The day after this Marley and Jay started school. They had the wrong uniform but didn’t seem to care. Marley lit up in the playground during break and negotiated his way out of detention by arguing that his old school in Ibiza had a more relaxed policy. Very cool. Jay kept himself to himself, hiding beneath his fringe. I don’t think I spoke a word to him until New Year’s Eve. That’s when everything kicked off.
‘Just explain why we are doing this,’ said Harry after locking the front door behind him. ‘I thought the forecast said to avoid unnecessary journeys.’
He put his arm around Ailsa to emphasize this was a joke rather than a challenge and tried to kiss her on the cheek, but at the last minute she moved and he ended up kissing thin air. For a moment they stood together at the top of the stairs locked in a slightly reluctant embrace.
There had been no recriminations over the car. Harry wanted her to acknowledge his tolerance in the same way that he wanted her to respond each time he texted her at school to say that he had put on a wash or renewed the car licence. He had never worked from home before and neither of them had foreseen how their domestic dealings would have to be recalibrated.
Relationships were like amoebas. Constantly changing shape.
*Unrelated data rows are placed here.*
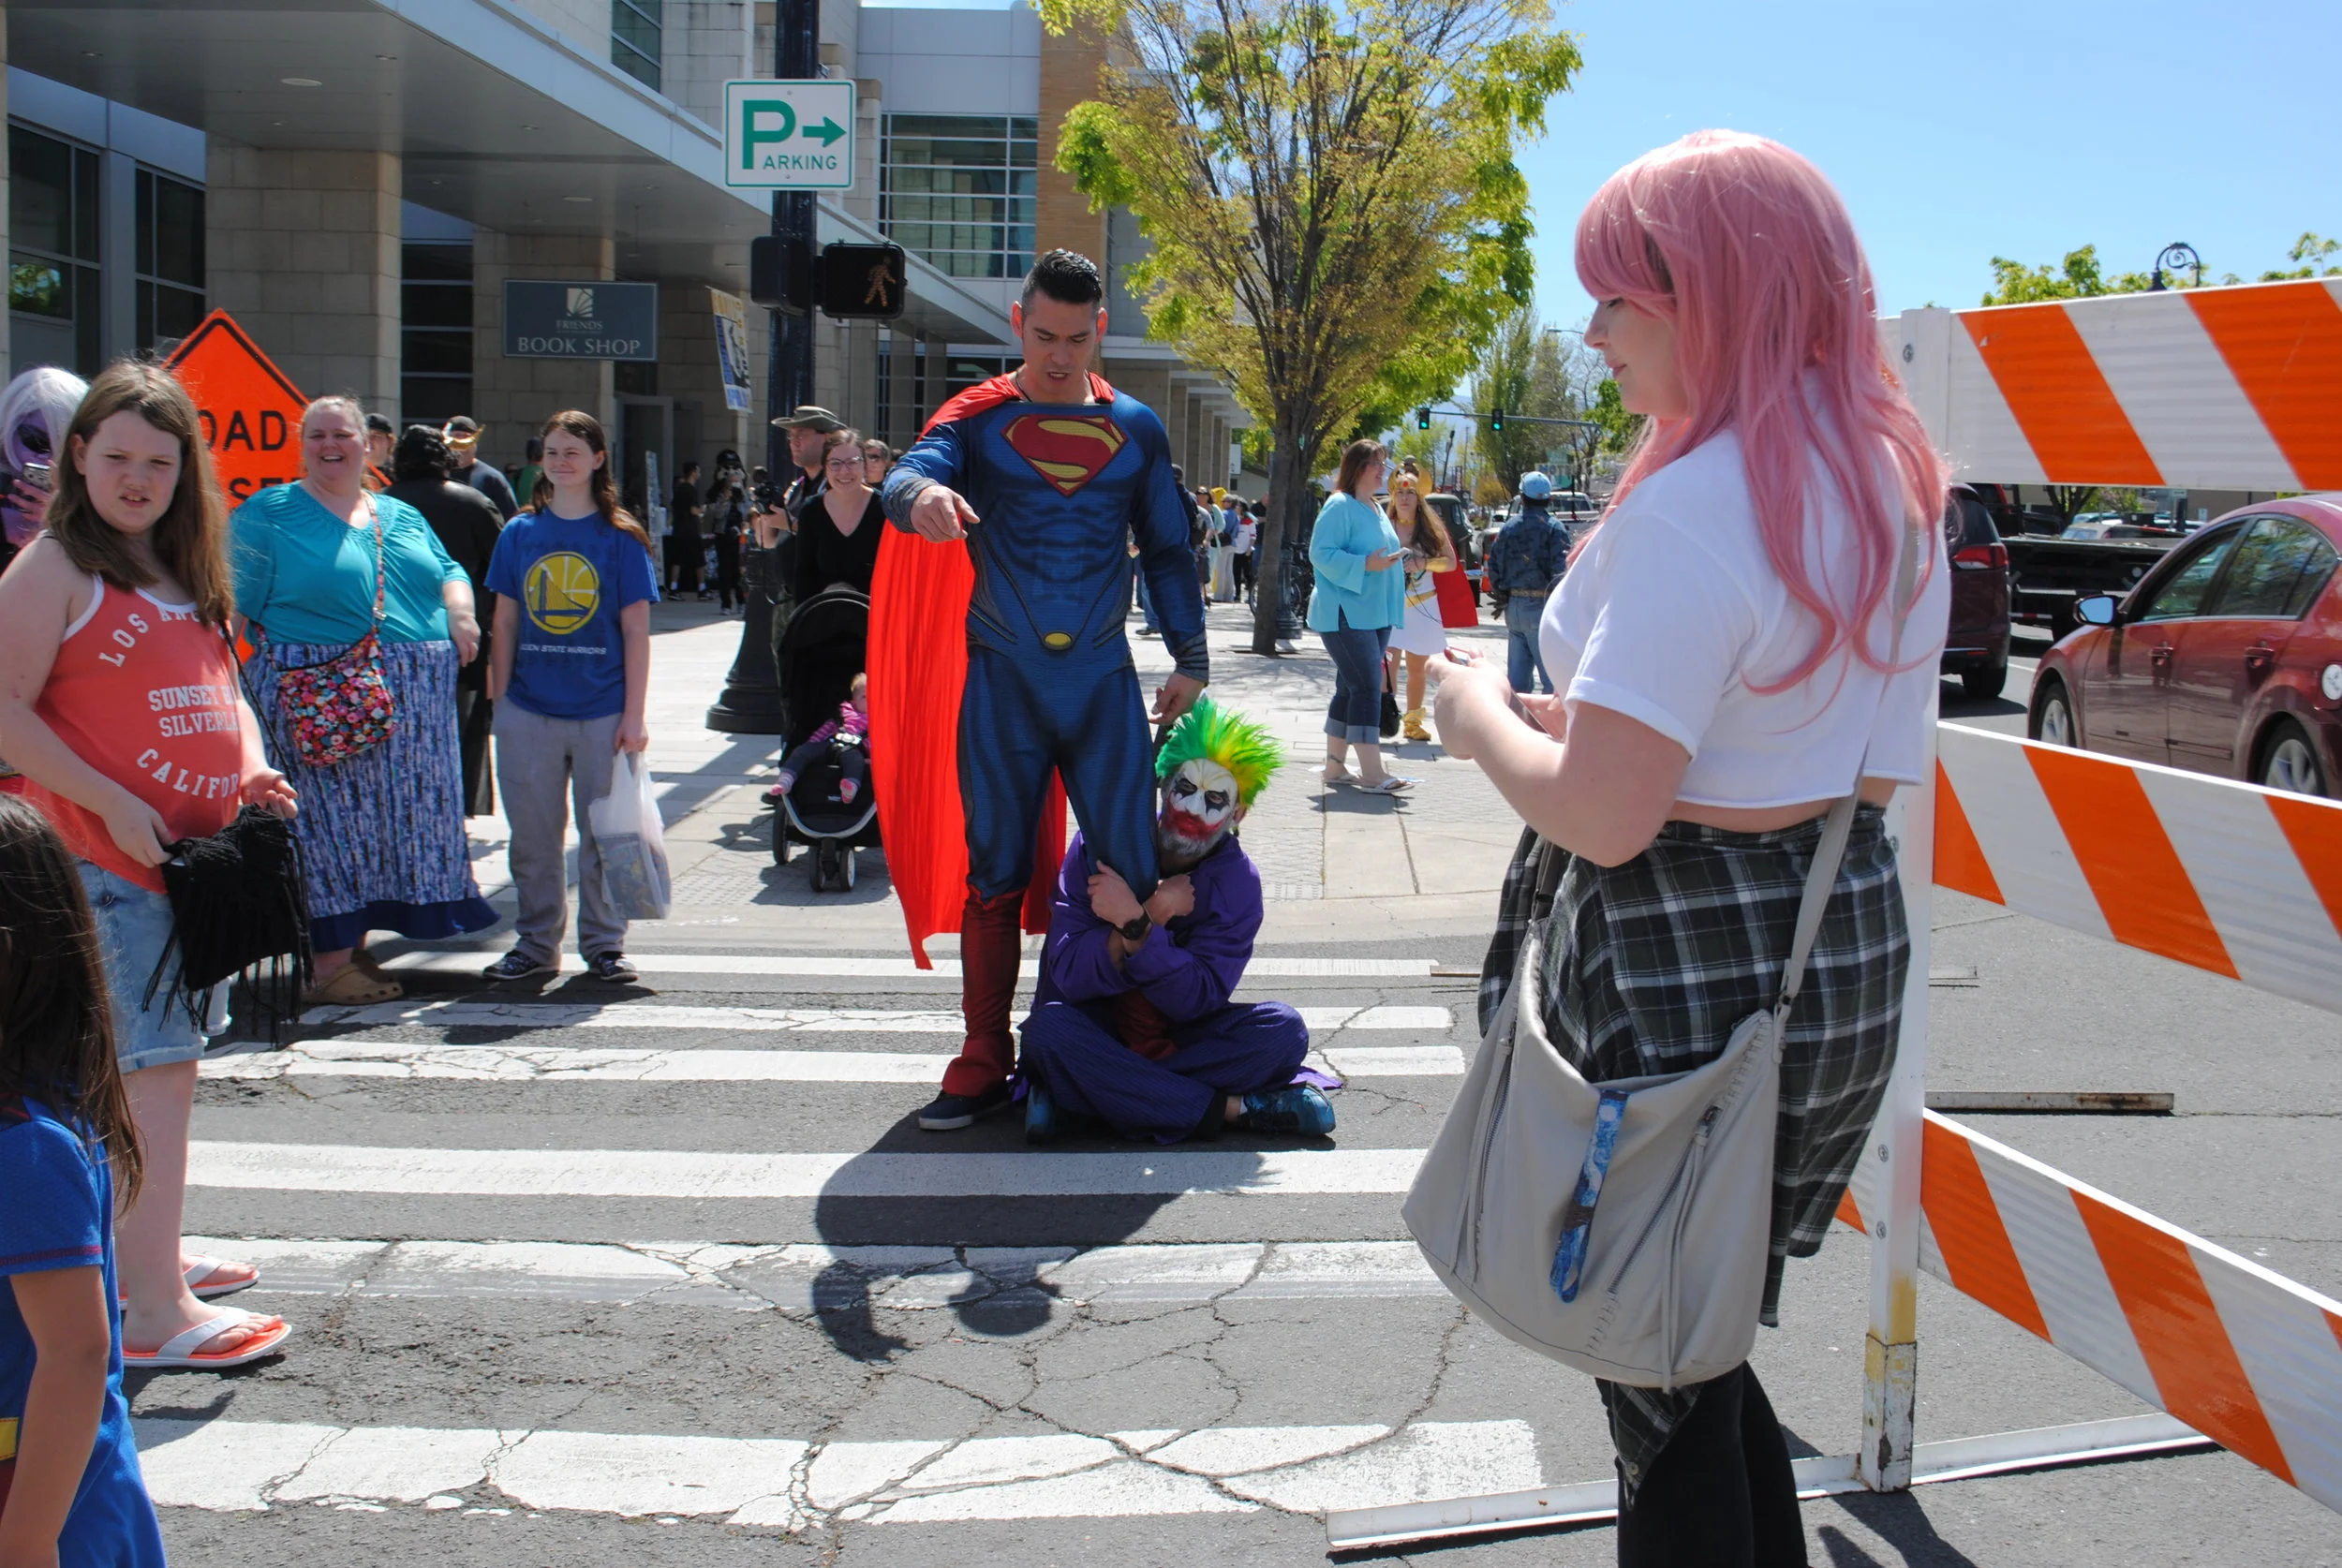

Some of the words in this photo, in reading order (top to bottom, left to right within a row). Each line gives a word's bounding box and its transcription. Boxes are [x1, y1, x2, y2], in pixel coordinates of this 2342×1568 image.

[556, 319, 603, 331] FRIENDS
[517, 336, 577, 353] BOOK
[584, 338, 641, 355] SHOP
[197, 409, 288, 451] OAD
[98, 613, 149, 667] LOS
[541, 644, 567, 654] STATE
[148, 685, 219, 712] SUNSET
[158, 711, 240, 738] SILVERLA
[137, 748, 239, 799] CALIFOR
Sensitive to tiny environmental changes
, thought Ailsa, staring down at the shiny cream surface of the trifle she was holding. It was their contribution to the Fairports’ New Year’s Eve party. Harry hadn’t waited for the custard to cool and it was leaching into the cream topping like tiny trails of snot. It had been made for her father, in memory of her mother, by her husband, a
sequence of events that was unimaginable less than a year ago. Ailsa wondered what would happen if she plunged her fingers in the cream and shoved a handful into her mouth. She knew her orderly habits irritated those around her. It would be nice to confound expectations and see how that played out.
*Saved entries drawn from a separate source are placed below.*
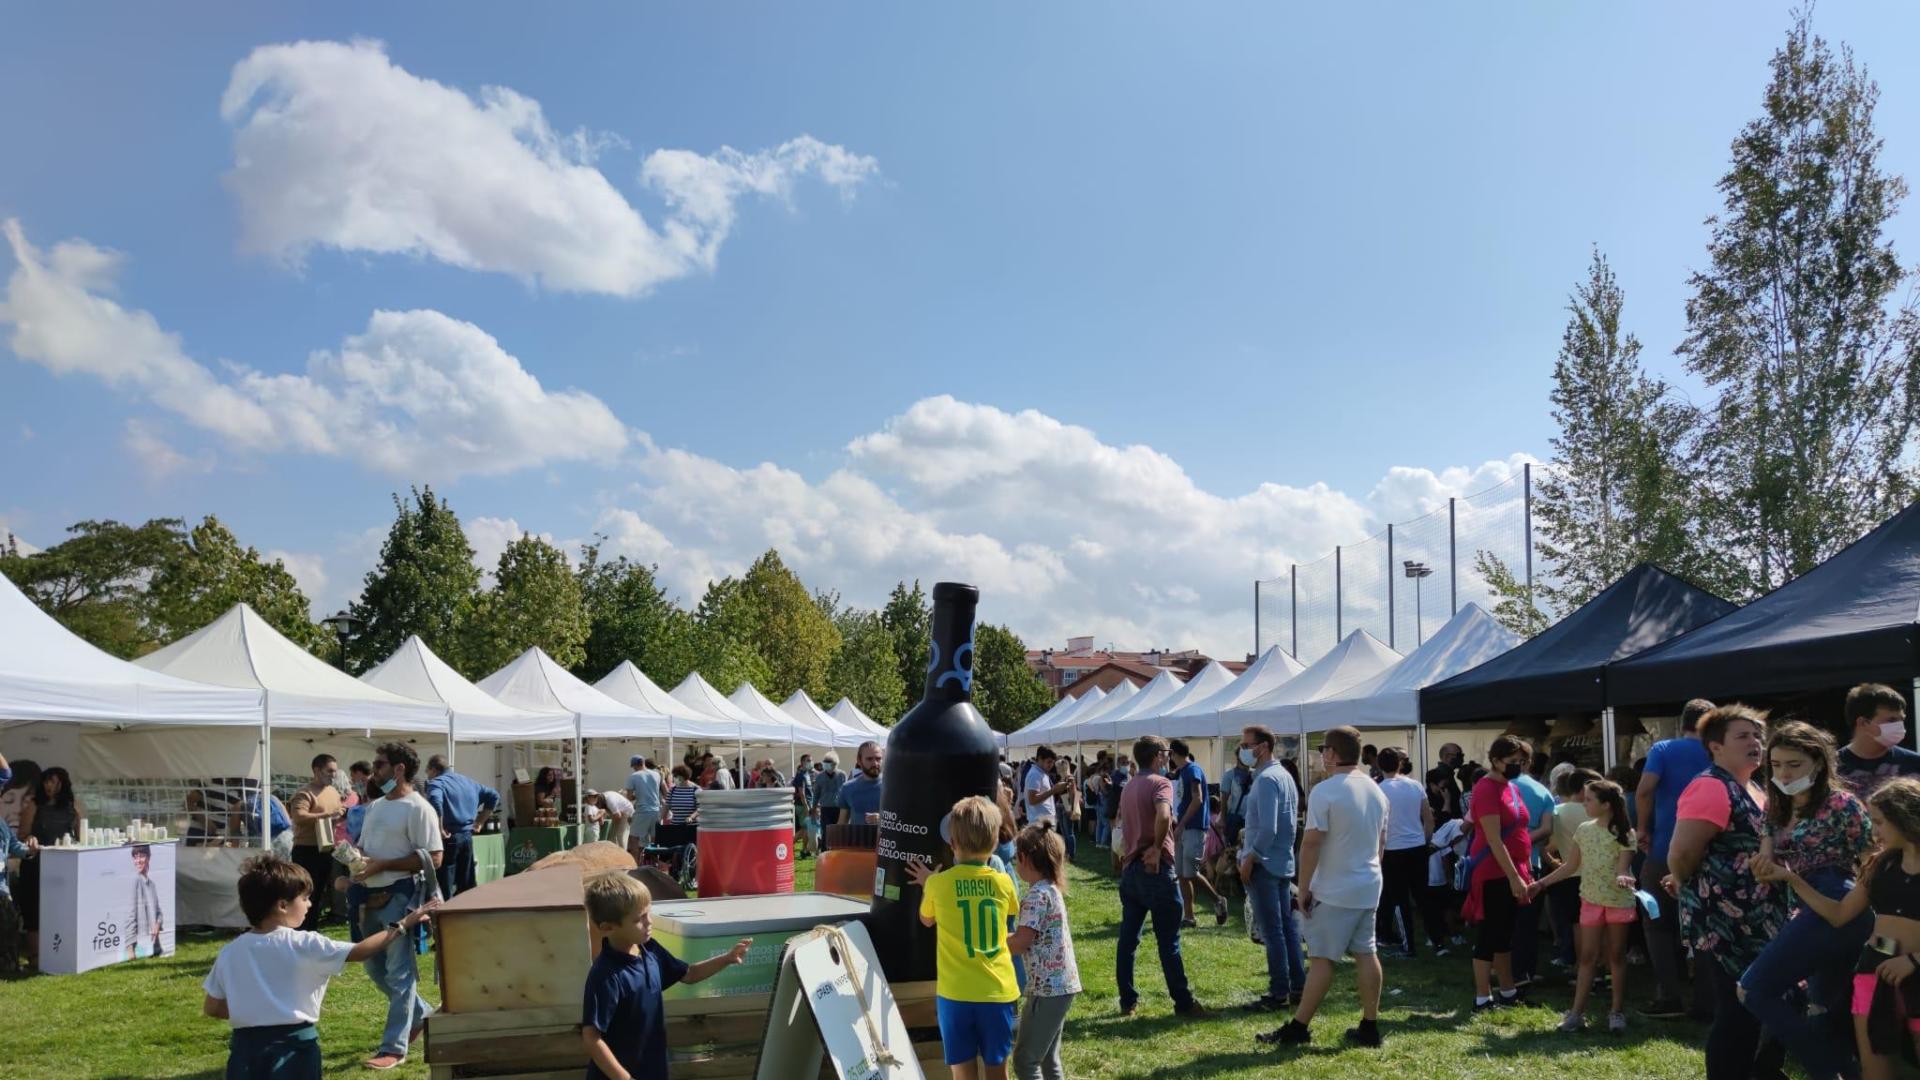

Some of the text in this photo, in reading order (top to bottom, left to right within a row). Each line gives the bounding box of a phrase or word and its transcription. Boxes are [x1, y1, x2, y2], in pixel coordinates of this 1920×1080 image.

[880, 820, 928, 835] ECOLÓGICO
[956, 879, 996, 897] BRASIL
[97, 922, 117, 937] So
[957, 898, 1000, 959] 10
[92, 935, 120, 951] free
‘It is a necessary journey,’ called out Rachel from the garden below. ‘Ailsa has to do penance for crashing into them.’ No mention of her role in the drama. Ailsa struggled to conjure up irritation towards Rachel for her latest entanglement but she couldn’t. She never managed to stay angry with her sister for long. Besides, it was no more likely to fail or succeed than any other of her relationships and she didn’t want the burden of disapproval.
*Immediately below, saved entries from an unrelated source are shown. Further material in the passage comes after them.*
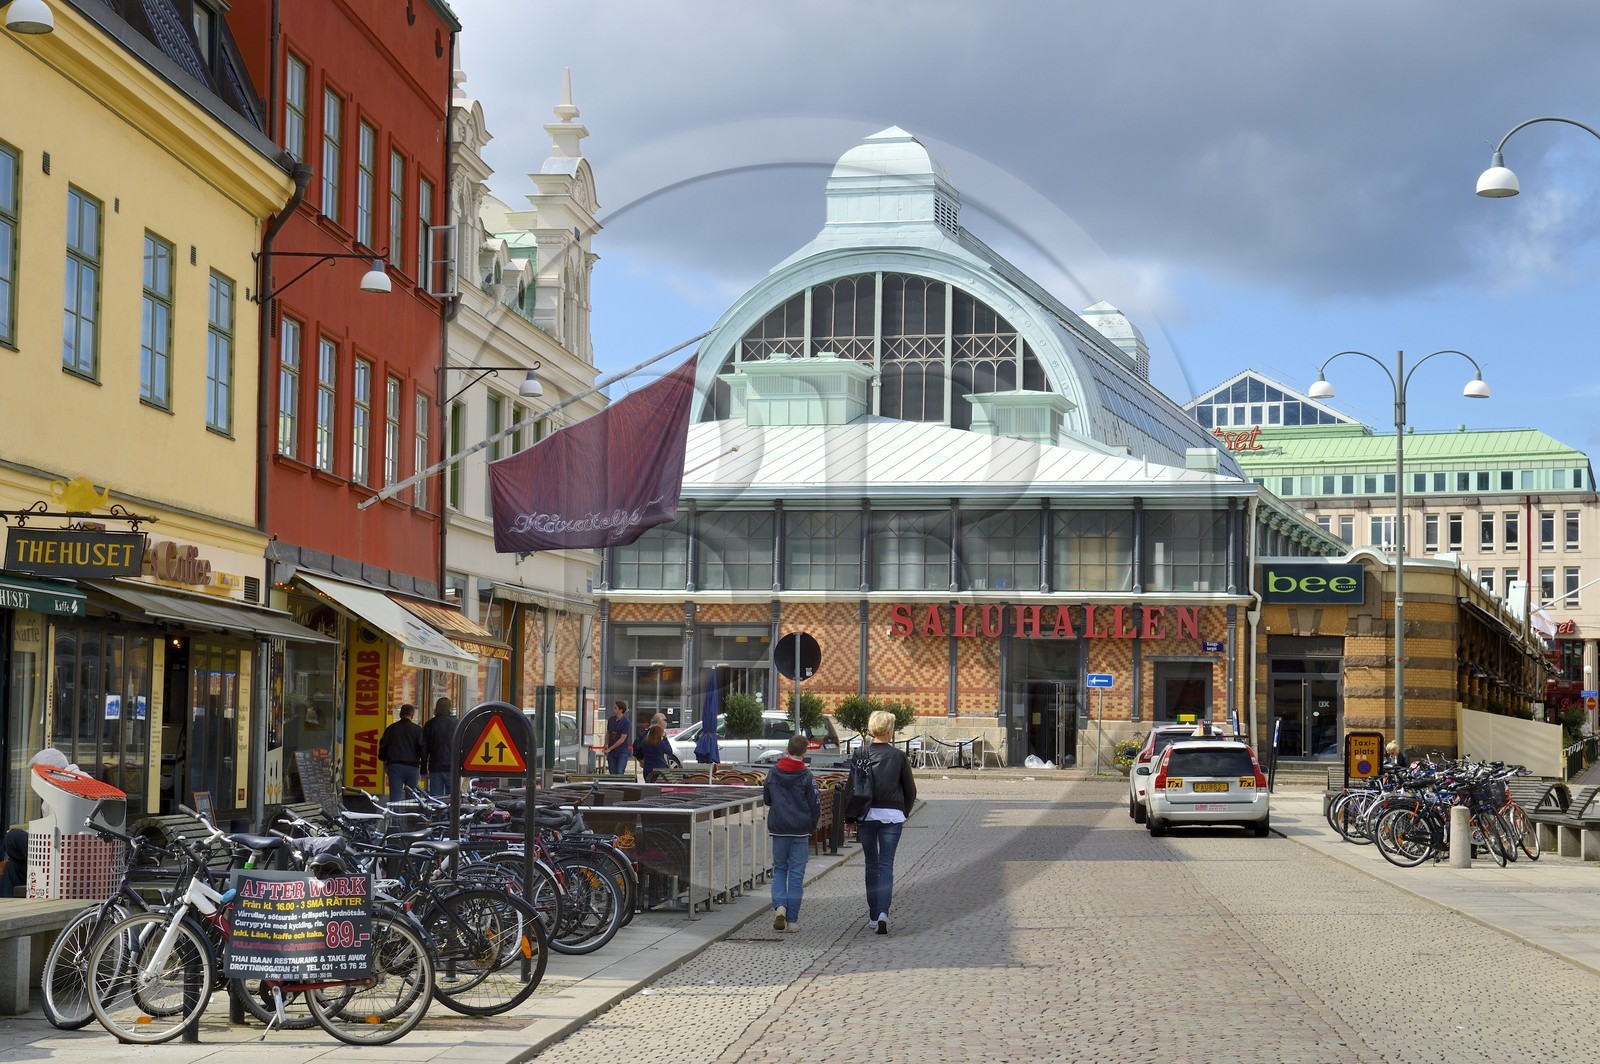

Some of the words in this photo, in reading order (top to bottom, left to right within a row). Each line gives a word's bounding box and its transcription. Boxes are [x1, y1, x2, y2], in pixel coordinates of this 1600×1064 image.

[16, 539, 135, 568] THEHUSET
[158, 540, 212, 586] Coffee
[1268, 571, 1357, 593] bee
[54, 600, 70, 612] Kaffe
[891, 603, 1202, 640] SALUHALLEN
[355, 650, 380, 716] KEBAB
[354, 729, 379, 788] PIZZA
[240, 879, 305, 901] AFTER
[308, 876, 366, 897] WORK
[243, 899, 260, 908] Från
[264, 902, 272, 910] kl.
[276, 902, 294, 911] 16.00
[307, 898, 324, 908] SMÅ
[326, 897, 362, 906] RÄTTER
[235, 920, 271, 930] Currygryta
[230, 964, 290, 972] DROTTNINGGATAN
[274, 956, 318, 964] RESTAURANG
‘I was ambushed in a moment of weakness,’ said Ailsa as she carefully negotiated her way down the icy steps into the garden, trifle cradled under one arm, and joined everyone else at the bottom to debate the best route through the thick snow to the house next door. ‘They’ve asked before and I’ve turned them down. I couldn’t say no again.’
‘We need some new friends,’ said Harry.
‘I suppose it’s marginally better than staying at home like a bunch of sad fucks …’
‘Luke,’ warned Ailsa, nudging him in the small of the back with the crystal bowl, but he didn’t feel anything through the layers of thick clothes.
‘I think I’d rather be a sad fuck,’ muttered Romy.
The snow had stopped and the moon was visible for the first time in days. Everything was white and even
usually murky corners of the garden gave off a strange luminous glow. It had snowed so much again that the bumper dislocated from the car earlier that day was already buried.
‘It’s radioactive,’ shouted Ben. ‘Like a nuclear winter.’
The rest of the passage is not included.